■ **What is being asked**:
Below are some records; copy them word for word and drop the pictures.

■ **Listed records**:
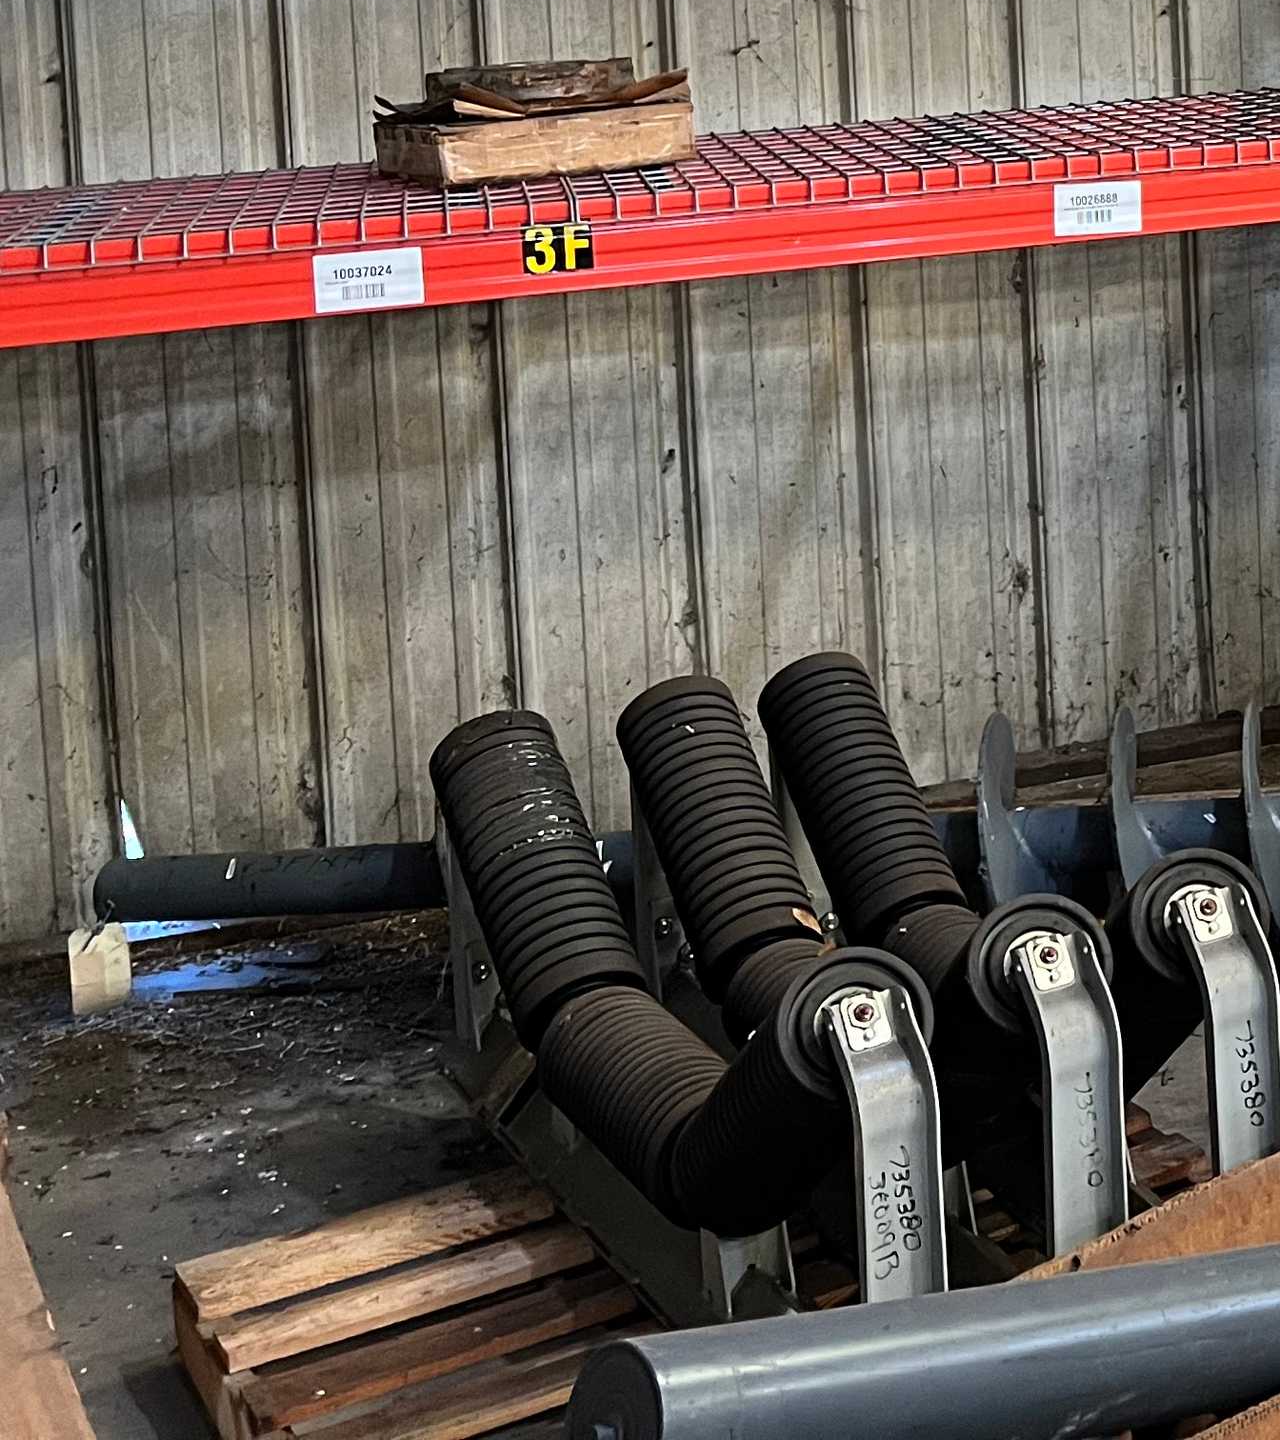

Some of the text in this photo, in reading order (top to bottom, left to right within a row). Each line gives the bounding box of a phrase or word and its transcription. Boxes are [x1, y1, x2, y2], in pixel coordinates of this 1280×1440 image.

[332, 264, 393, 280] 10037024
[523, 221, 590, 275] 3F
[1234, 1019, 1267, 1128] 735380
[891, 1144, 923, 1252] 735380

■ **Written answer**:
Some of the text in this photo, in reading order (top to bottom, left to right within a row). Each line gives the bounding box of a phrase or word and its transcription. Boxes are [x1, y1, x2, y2], in pixel coordinates of this 1280×1440 image.

[332, 264, 393, 280] 10037024
[523, 221, 590, 275] 3F
[1234, 1019, 1267, 1128] 735380
[891, 1144, 923, 1252] 735380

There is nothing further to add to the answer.